[Stored data]
>>>>>

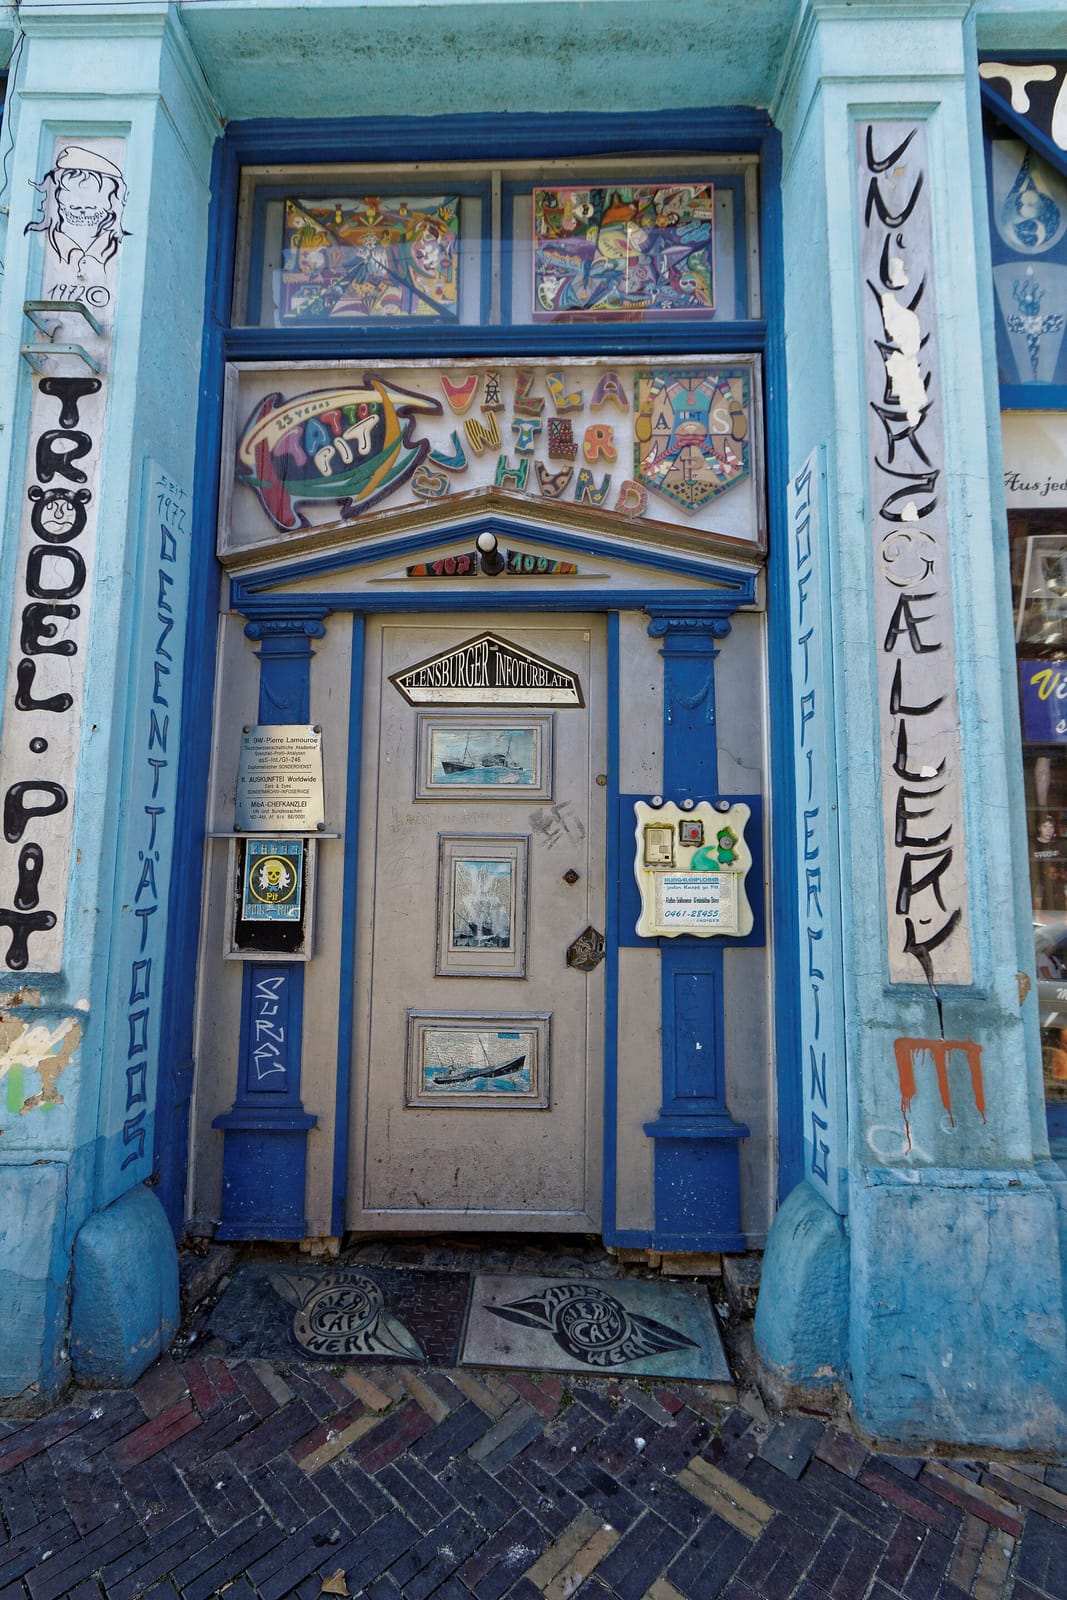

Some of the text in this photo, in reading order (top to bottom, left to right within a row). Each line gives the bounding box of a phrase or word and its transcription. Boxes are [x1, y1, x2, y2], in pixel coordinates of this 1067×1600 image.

[440, 370, 630, 416] VILLA
[275, 400, 332, 431] 25 YEARS
[272, 402, 379, 467] TATTOO
[313, 414, 380, 477] PIT
[1003, 470, 1040, 492] Aus
[157, 493, 186, 535] 1972
[511, 552, 548, 574] 109
[405, 641, 571, 688] FLENSBURGER INFOTÜRBLATT
[287, 775, 317, 783] Worldwide
[0, 780, 68, 971] PIT
[266, 892, 280, 902] Pit
[664, 910, 719, 918] 0461-28455
[317, 1291, 364, 1311] BIER
[564, 1302, 606, 1323] BIER
[306, 1319, 388, 1353] WERK
[587, 1325, 657, 1366] WERK
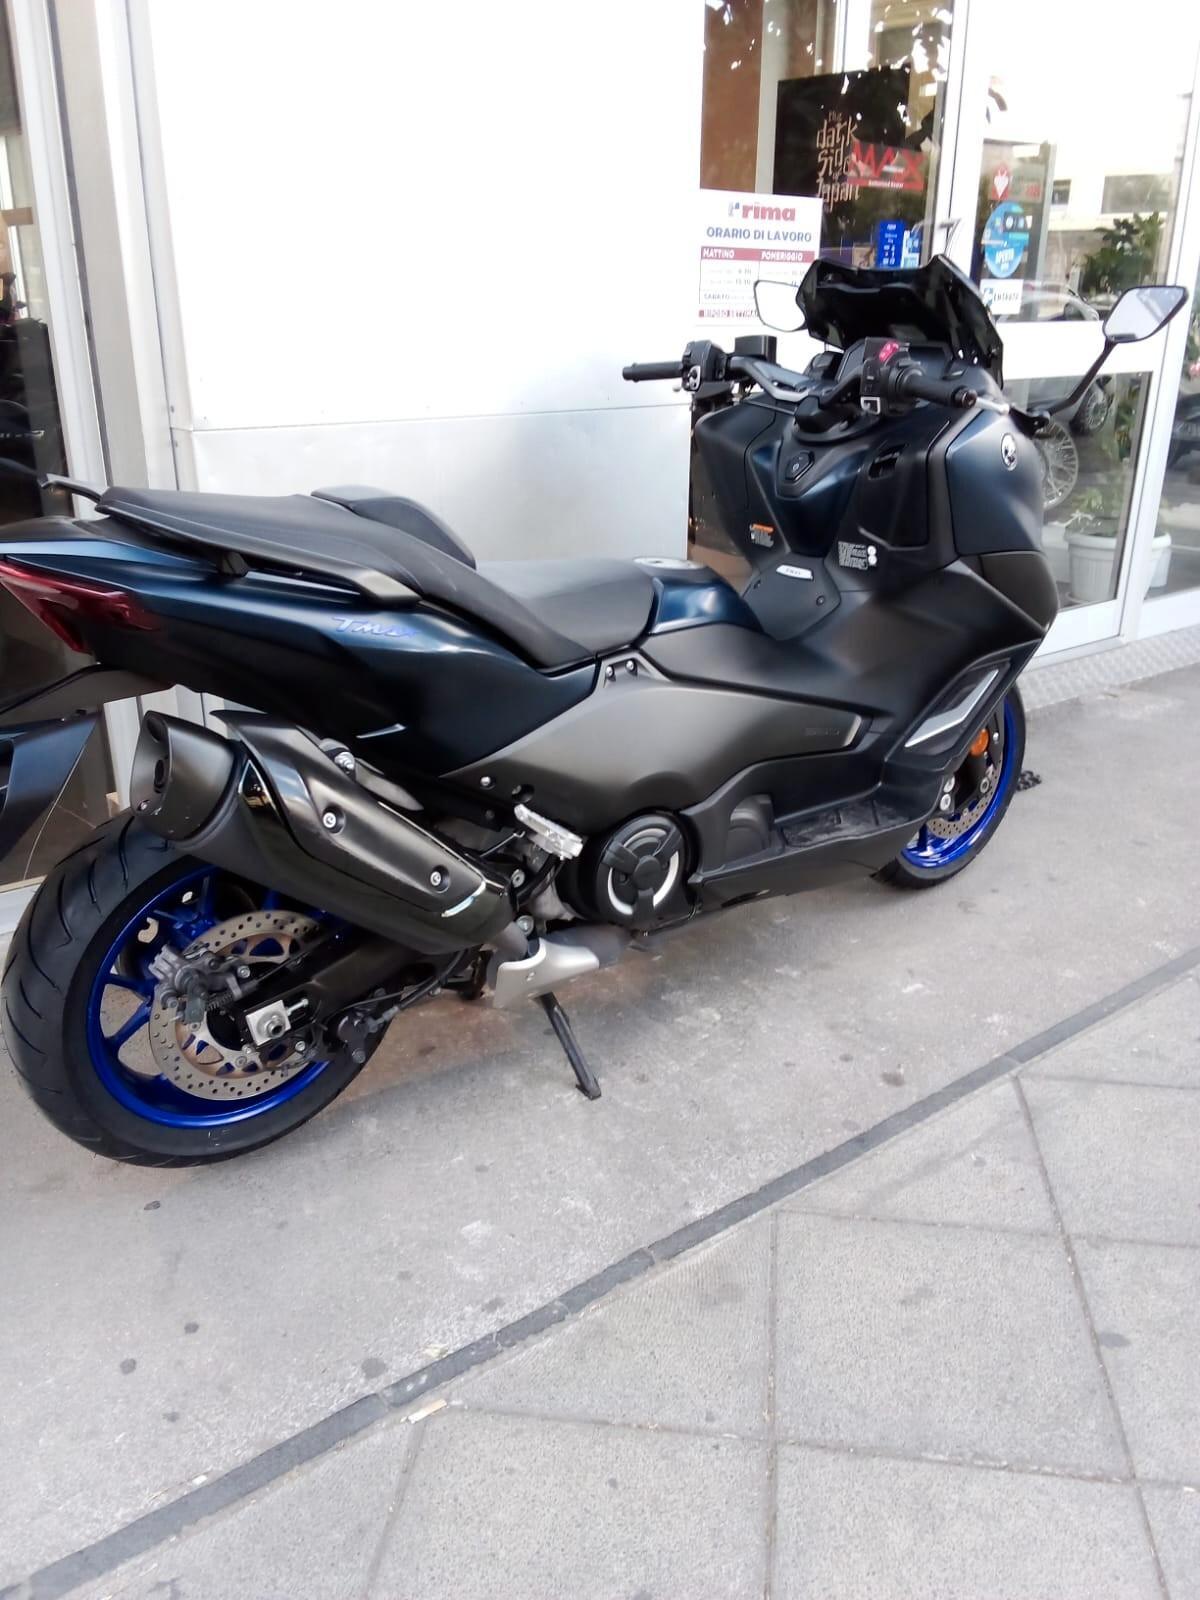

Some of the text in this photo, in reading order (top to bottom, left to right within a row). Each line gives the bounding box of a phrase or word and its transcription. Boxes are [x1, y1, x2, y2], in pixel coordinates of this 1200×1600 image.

<<<<<

■ Exercise objective
An exact copy of the entries above is required, with the pictures left out.

■ Result of the exercise
Some of the text in this photo, in reading order (top to bottom, left to right within a row). Each line gives the bounding box of a phrase or word and its transcription. Boxes are [x1, y1, x2, y2], in pixel coordinates of this 1067×1600 image.

[440, 370, 630, 416] VILLA
[275, 400, 332, 431] 25 YEARS
[272, 402, 379, 467] TATTOO
[313, 414, 380, 477] PIT
[1003, 470, 1040, 492] Aus
[157, 493, 186, 535] 1972
[511, 552, 548, 574] 109
[405, 641, 571, 688] FLENSBURGER INFOTÜRBLATT
[287, 775, 317, 783] Worldwide
[0, 780, 68, 971] PIT
[266, 892, 280, 902] Pit
[664, 910, 719, 918] 0461-28455
[317, 1291, 364, 1311] BIER
[564, 1302, 606, 1323] BIER
[306, 1319, 388, 1353] WERK
[587, 1325, 657, 1366] WERK

Some of the text in this photo, in reading order (top to bottom, left to right within a row). Each line gives the bounding box of a phrase or word and its transcription. Boxes are [x1, y1, x2, y2], in pixel coordinates of this 1200×1600 image.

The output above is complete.